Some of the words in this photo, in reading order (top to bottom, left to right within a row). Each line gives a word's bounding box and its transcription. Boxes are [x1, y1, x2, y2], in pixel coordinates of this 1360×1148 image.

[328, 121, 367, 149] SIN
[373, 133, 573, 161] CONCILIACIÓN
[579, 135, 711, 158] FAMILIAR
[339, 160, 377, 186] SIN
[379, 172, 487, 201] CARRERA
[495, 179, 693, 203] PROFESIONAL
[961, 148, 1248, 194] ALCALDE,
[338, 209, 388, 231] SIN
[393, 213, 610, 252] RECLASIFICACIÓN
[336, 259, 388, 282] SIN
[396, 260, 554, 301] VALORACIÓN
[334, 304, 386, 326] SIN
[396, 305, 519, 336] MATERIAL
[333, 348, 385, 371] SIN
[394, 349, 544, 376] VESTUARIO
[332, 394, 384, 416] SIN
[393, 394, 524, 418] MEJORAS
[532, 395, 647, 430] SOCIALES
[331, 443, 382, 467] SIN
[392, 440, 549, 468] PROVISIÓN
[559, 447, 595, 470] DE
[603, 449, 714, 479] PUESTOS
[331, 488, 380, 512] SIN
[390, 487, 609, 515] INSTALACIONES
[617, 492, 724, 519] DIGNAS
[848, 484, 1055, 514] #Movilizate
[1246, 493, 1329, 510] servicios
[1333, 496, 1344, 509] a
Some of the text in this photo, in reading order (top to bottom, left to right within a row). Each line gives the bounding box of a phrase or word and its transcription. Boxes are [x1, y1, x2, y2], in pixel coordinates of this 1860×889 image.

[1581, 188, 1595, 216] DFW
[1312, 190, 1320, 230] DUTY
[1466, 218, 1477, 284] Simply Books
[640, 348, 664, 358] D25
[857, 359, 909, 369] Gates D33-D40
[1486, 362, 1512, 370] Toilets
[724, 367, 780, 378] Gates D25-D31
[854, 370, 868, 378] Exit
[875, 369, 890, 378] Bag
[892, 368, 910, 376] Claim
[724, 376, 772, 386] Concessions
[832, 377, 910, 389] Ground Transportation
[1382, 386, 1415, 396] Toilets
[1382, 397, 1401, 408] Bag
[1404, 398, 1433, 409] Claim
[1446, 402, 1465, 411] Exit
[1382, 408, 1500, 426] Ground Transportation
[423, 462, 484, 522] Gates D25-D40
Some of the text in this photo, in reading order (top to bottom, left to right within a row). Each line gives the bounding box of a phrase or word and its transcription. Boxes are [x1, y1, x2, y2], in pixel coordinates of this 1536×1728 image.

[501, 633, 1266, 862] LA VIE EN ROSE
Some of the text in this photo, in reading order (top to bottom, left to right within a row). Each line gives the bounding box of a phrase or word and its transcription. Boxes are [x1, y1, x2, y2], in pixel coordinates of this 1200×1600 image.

> **Work to be completed**: Copy the records above exactly, starting at the line that contains "this 1536×1728 image." and ending at the last line, and leave out all earlier lines.

> **Task response**:
Some of the text in this photo, in reading order (top to bottom, left to right within a row). Each line gives the bounding box of a phrase or word and its transcription. Boxes are [x1, y1, x2, y2], in pixel coordinates of this 1536×1728 image.

[501, 633, 1266, 862] LA VIE EN ROSE
Some of the text in this photo, in reading order (top to bottom, left to right within a row). Each line gives the bounding box of a phrase or word and its transcription. Boxes are [x1, y1, x2, y2], in pixel coordinates of this 1200×1600 image.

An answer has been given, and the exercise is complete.